Work order: Without the images, print all the entries below exactly as given.

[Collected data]
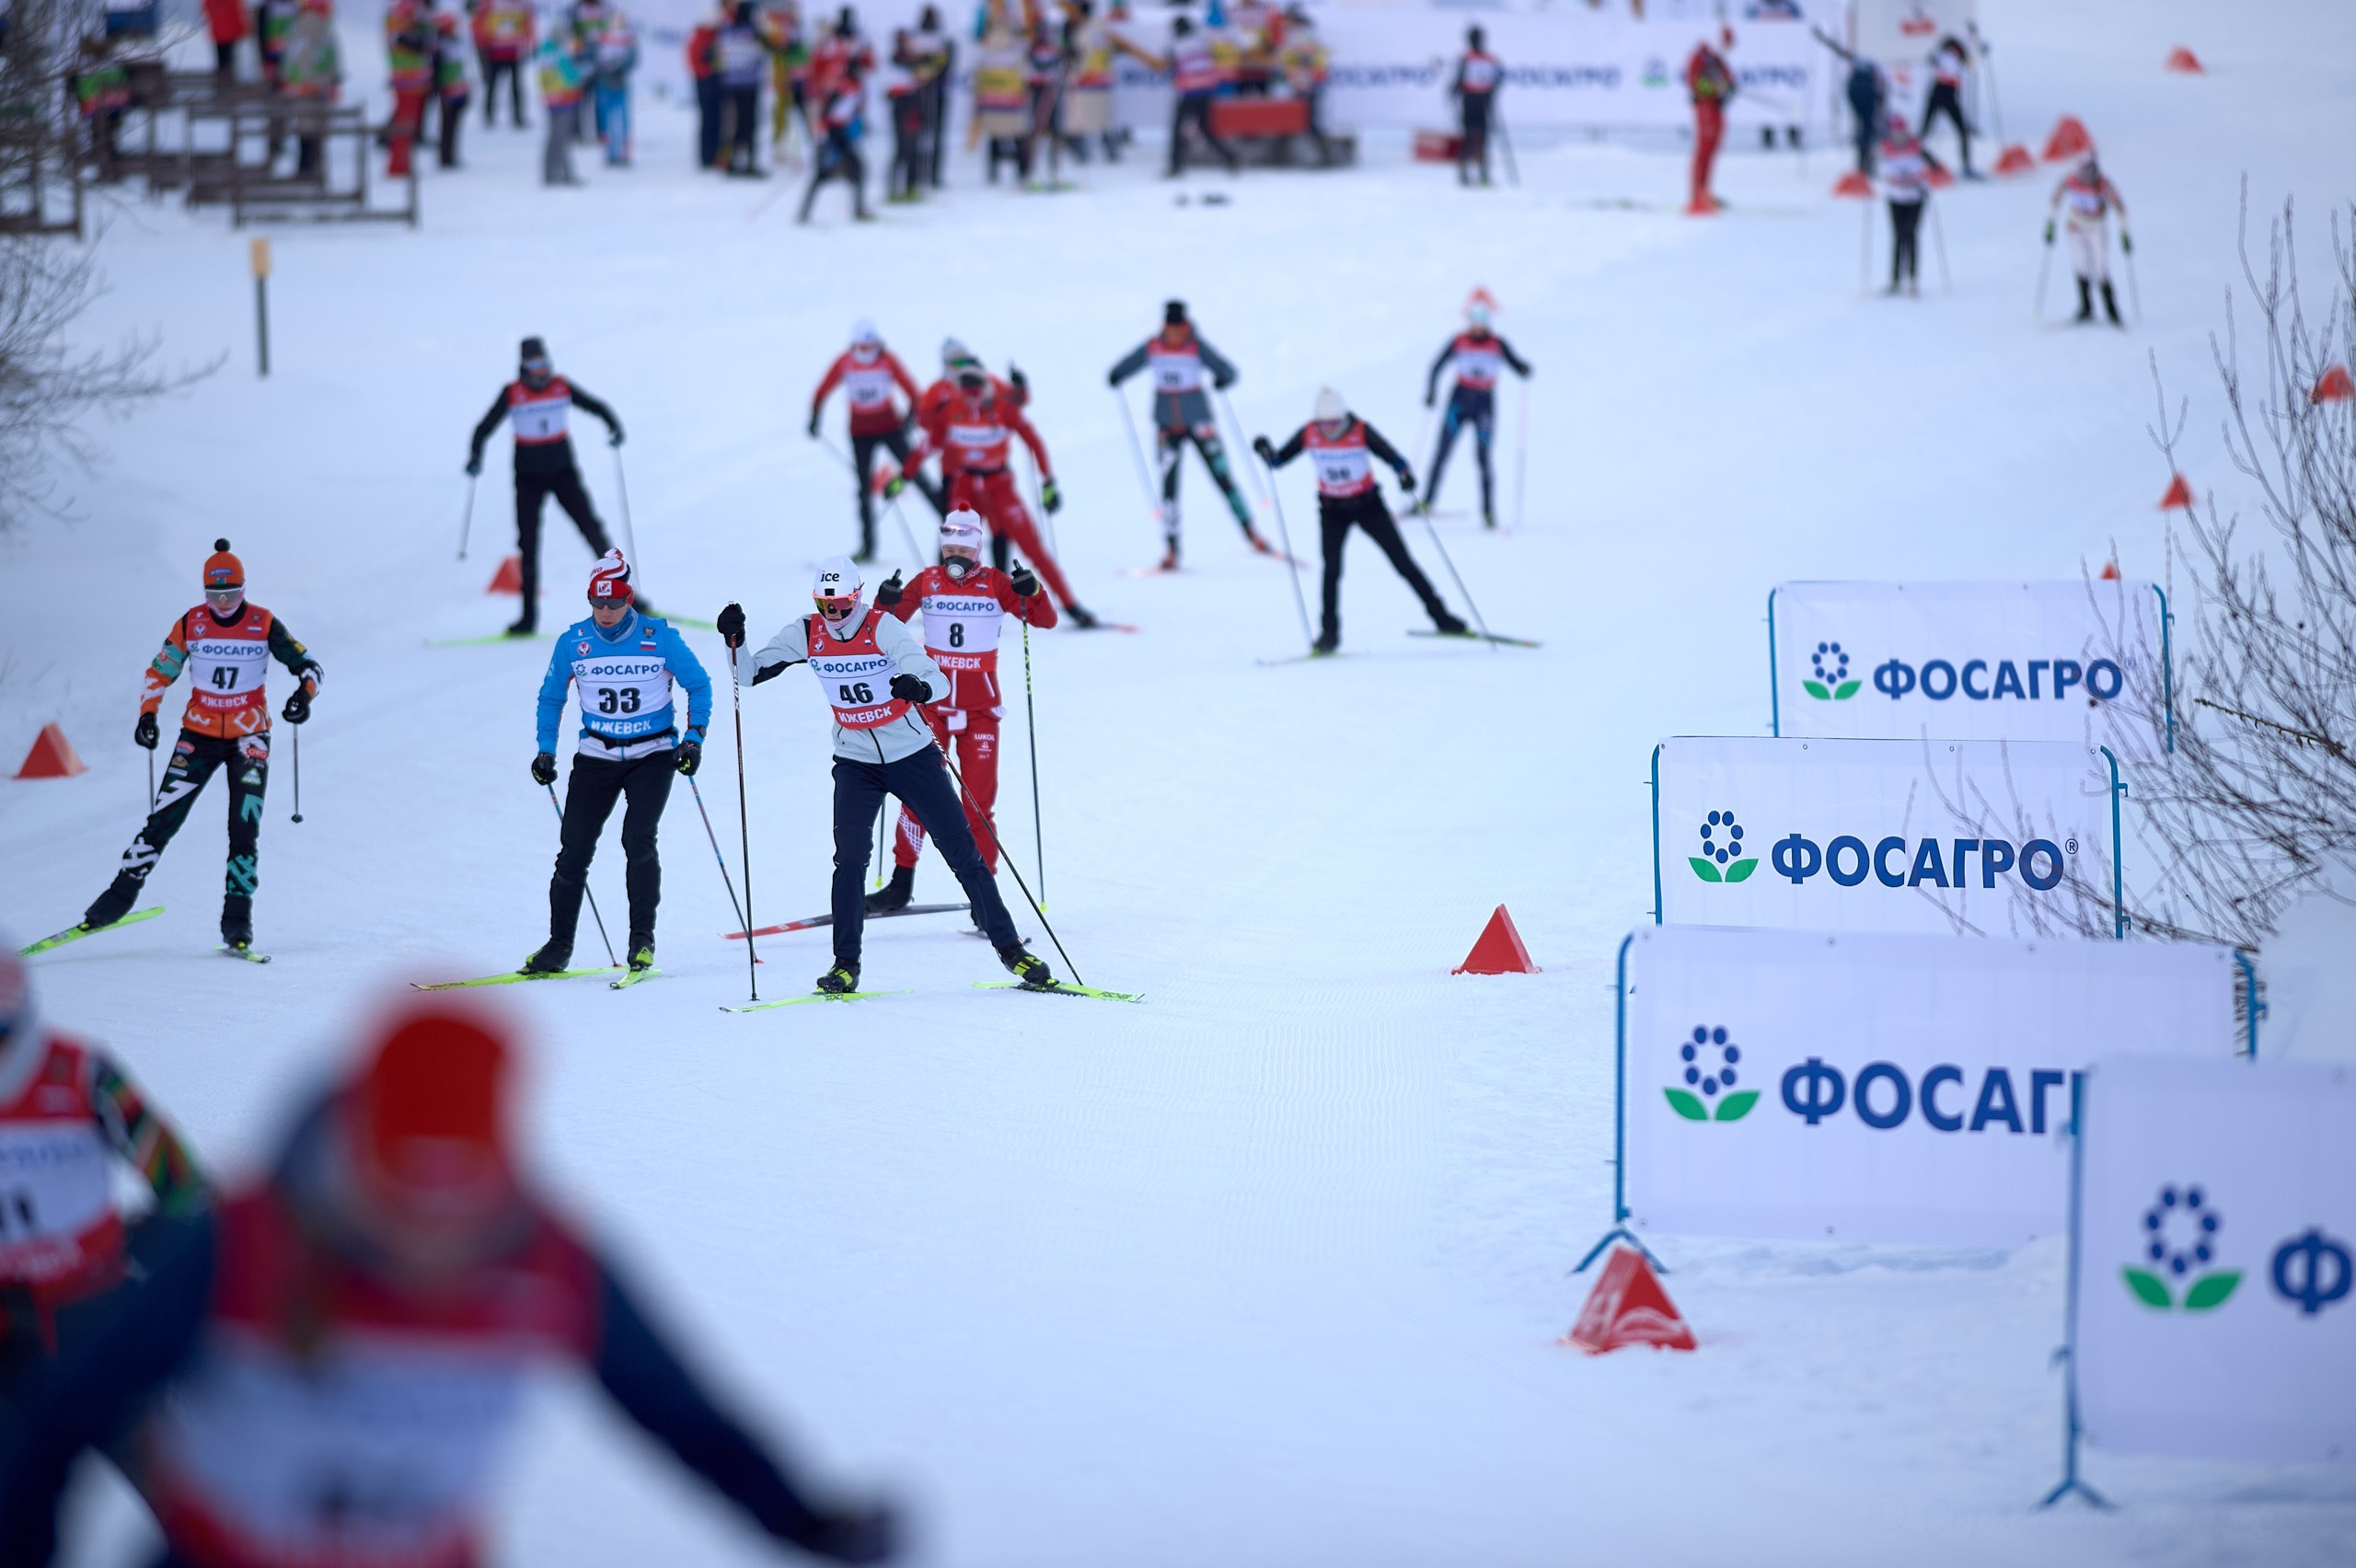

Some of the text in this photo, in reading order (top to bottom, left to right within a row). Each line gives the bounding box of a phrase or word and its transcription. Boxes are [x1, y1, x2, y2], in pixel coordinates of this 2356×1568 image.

[820, 570, 840, 582] ice
[936, 601, 995, 612] ФОСАГРО
[950, 622, 964, 648] 8
[202, 644, 264, 657] ФОСАГРО
[591, 663, 660, 675] ФОСАГРО
[824, 659, 888, 673] ФОСАГРО
[212, 666, 239, 690] 47
[598, 686, 641, 714] 33
[839, 682, 874, 704] 46
[200, 694, 248, 708] ИЖЕВСК
[837, 706, 893, 723] ИЖЕВСК
[591, 720, 652, 734] ИЖЕВСК
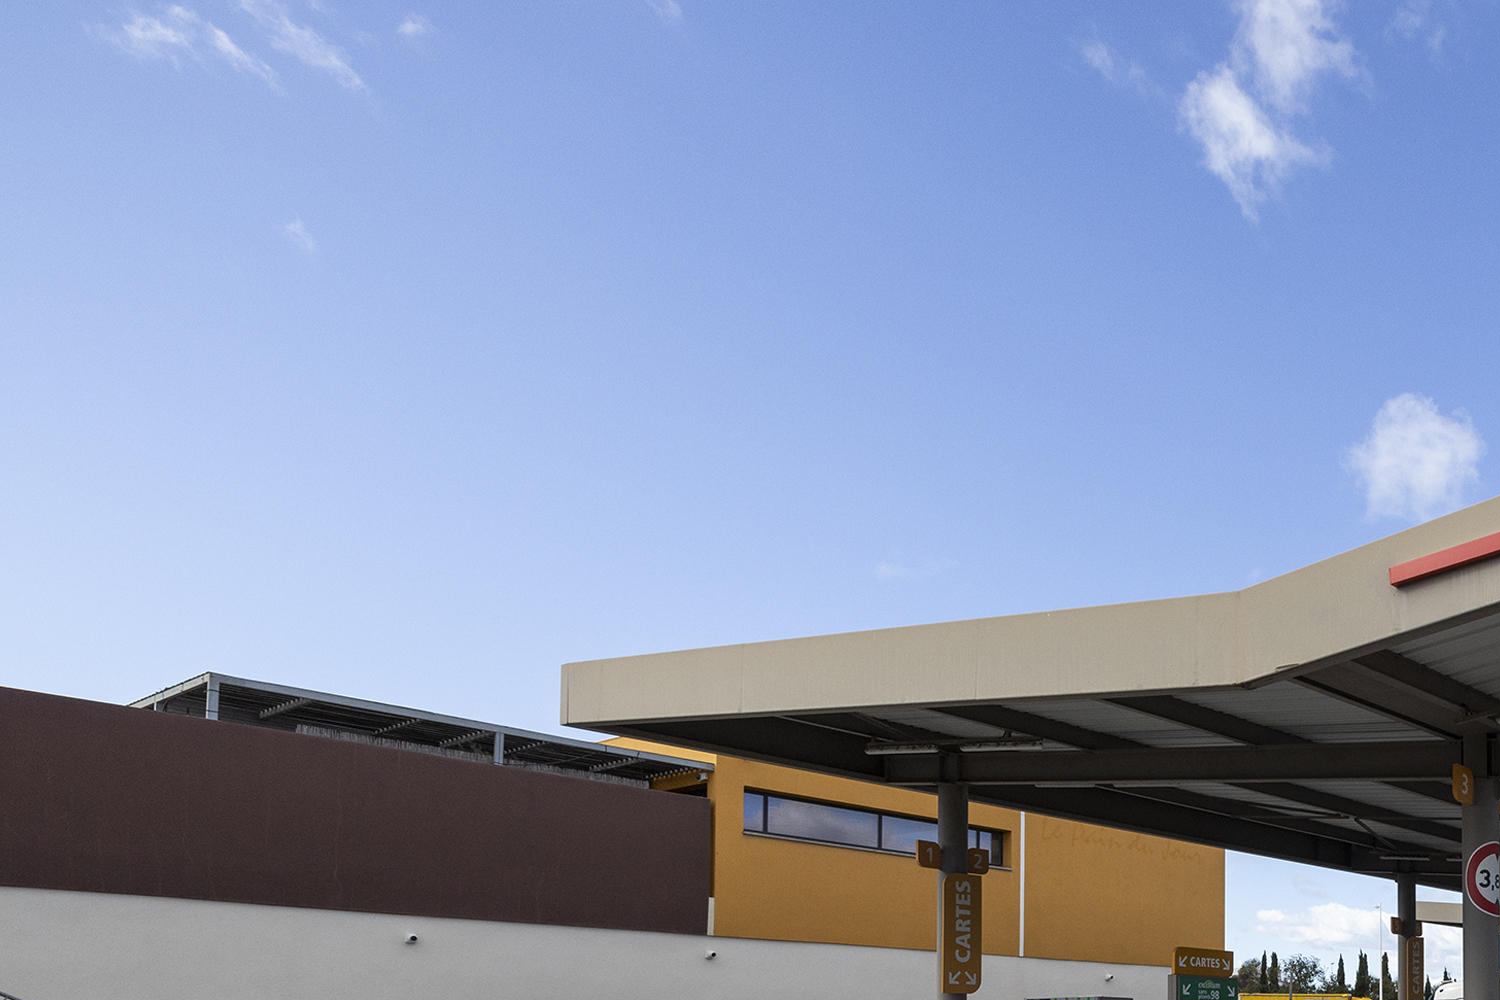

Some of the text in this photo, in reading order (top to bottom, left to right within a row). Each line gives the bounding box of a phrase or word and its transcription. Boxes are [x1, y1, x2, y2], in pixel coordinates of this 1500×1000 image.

[1461, 773, 1469, 795] 3
[926, 846, 933, 862] 1
[974, 854, 983, 869] 2
[955, 880, 971, 963] CARTES
[1189, 956, 1221, 969] CARTES
[1412, 941, 1420, 995] CARTES
[1210, 991, 1220, 1000] 98
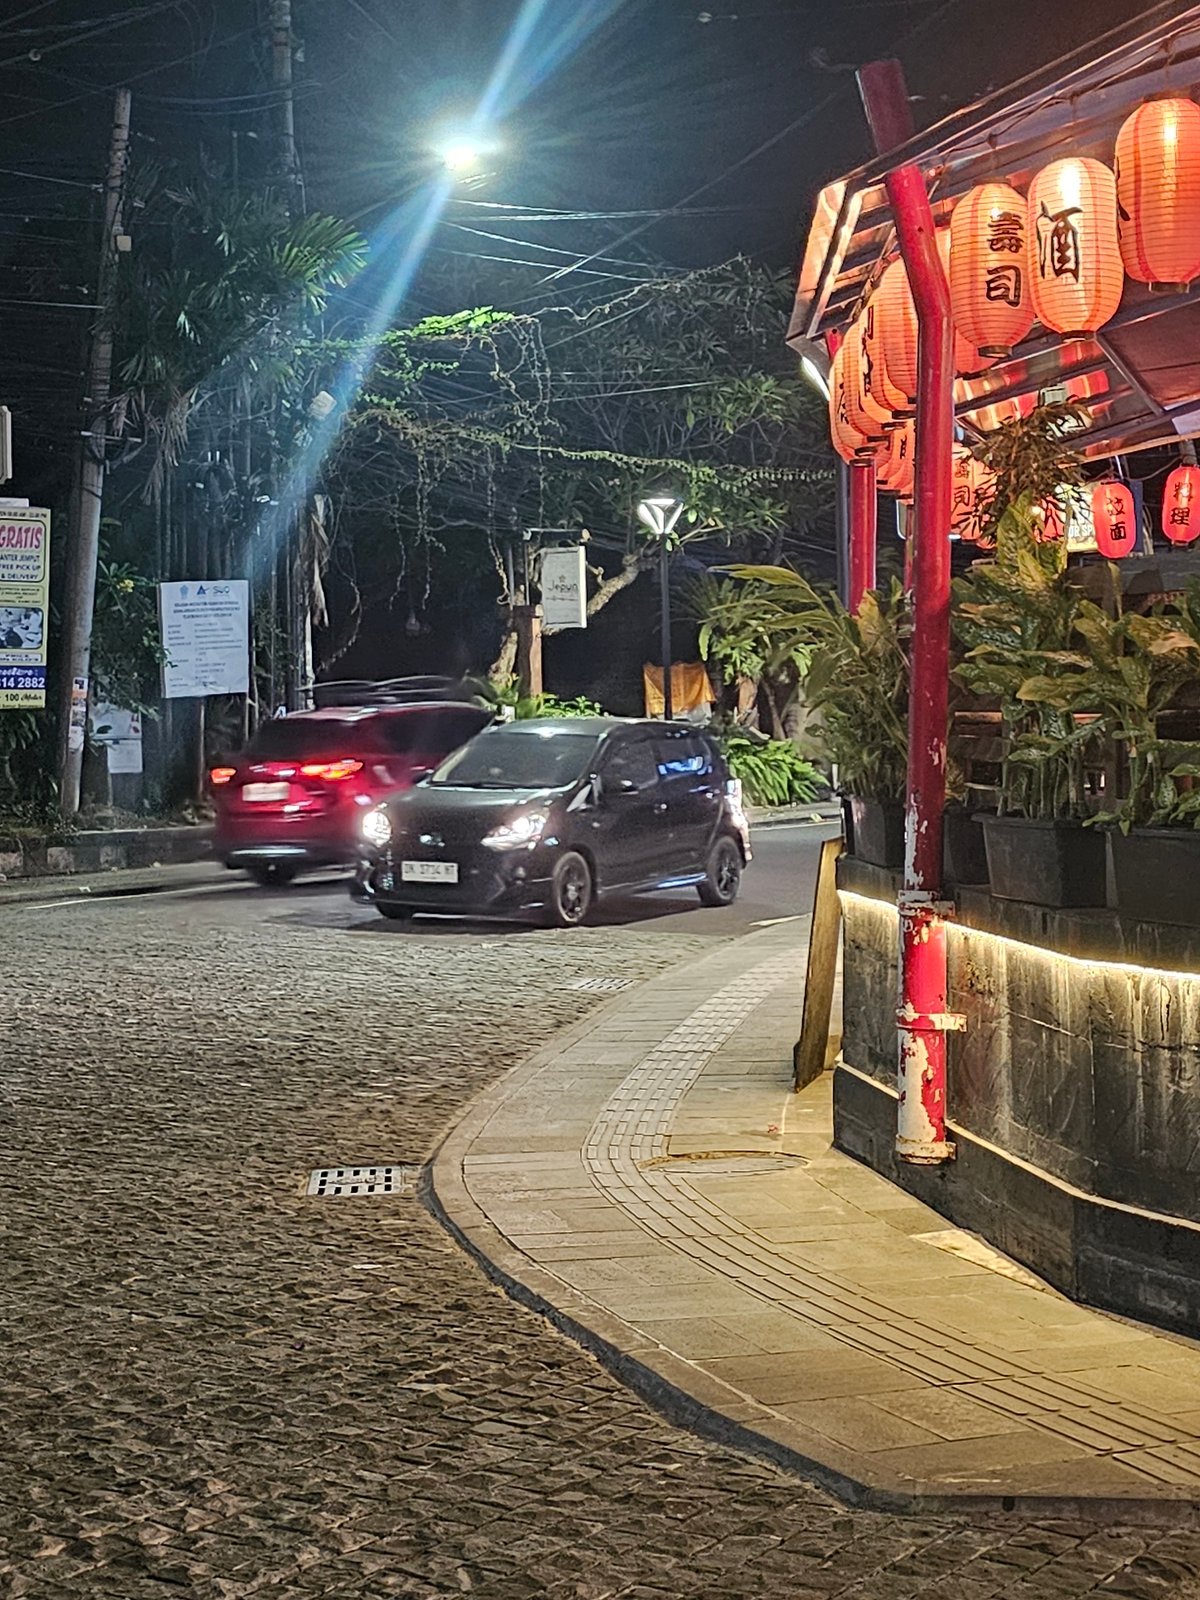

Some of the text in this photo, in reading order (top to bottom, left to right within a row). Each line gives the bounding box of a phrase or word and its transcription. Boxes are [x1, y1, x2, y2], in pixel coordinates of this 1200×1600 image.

[0, 525, 43, 549] GRATIS
[17, 677, 45, 688] 2882
[5, 693, 19, 702] 100

Result:
Some of the text in this photo, in reading order (top to bottom, left to right within a row). Each line gives the bounding box of a phrase or word and its transcription. Boxes are [x1, y1, x2, y2], in pixel coordinates of this 2356×1568 image.

[820, 570, 840, 582] ice
[936, 601, 995, 612] ФОСАГРО
[950, 622, 964, 648] 8
[202, 644, 264, 657] ФОСАГРО
[591, 663, 660, 675] ФОСАГРО
[824, 659, 888, 673] ФОСАГРО
[212, 666, 239, 690] 47
[598, 686, 641, 714] 33
[839, 682, 874, 704] 46
[200, 694, 248, 708] ИЖЕВСК
[837, 706, 893, 723] ИЖЕВСК
[591, 720, 652, 734] ИЖЕВСК

Some of the text in this photo, in reading order (top to bottom, left to right within a row). Each line gives the bounding box of a phrase or word and its transcription. Boxes are [x1, y1, x2, y2], in pixel coordinates of this 1500×1000 image.

[1461, 773, 1469, 795] 3
[926, 846, 933, 862] 1
[974, 854, 983, 869] 2
[955, 880, 971, 963] CARTES
[1189, 956, 1221, 969] CARTES
[1412, 941, 1420, 995] CARTES
[1210, 991, 1220, 1000] 98

Some of the text in this photo, in reading order (top to bottom, left to right within a row). Each line gives the bounding box of a phrase or word and its transcription. Boxes are [x1, y1, x2, y2], in pixel coordinates of this 1200×1600 image.

[0, 525, 43, 549] GRATIS
[17, 677, 45, 688] 2882
[5, 693, 19, 702] 100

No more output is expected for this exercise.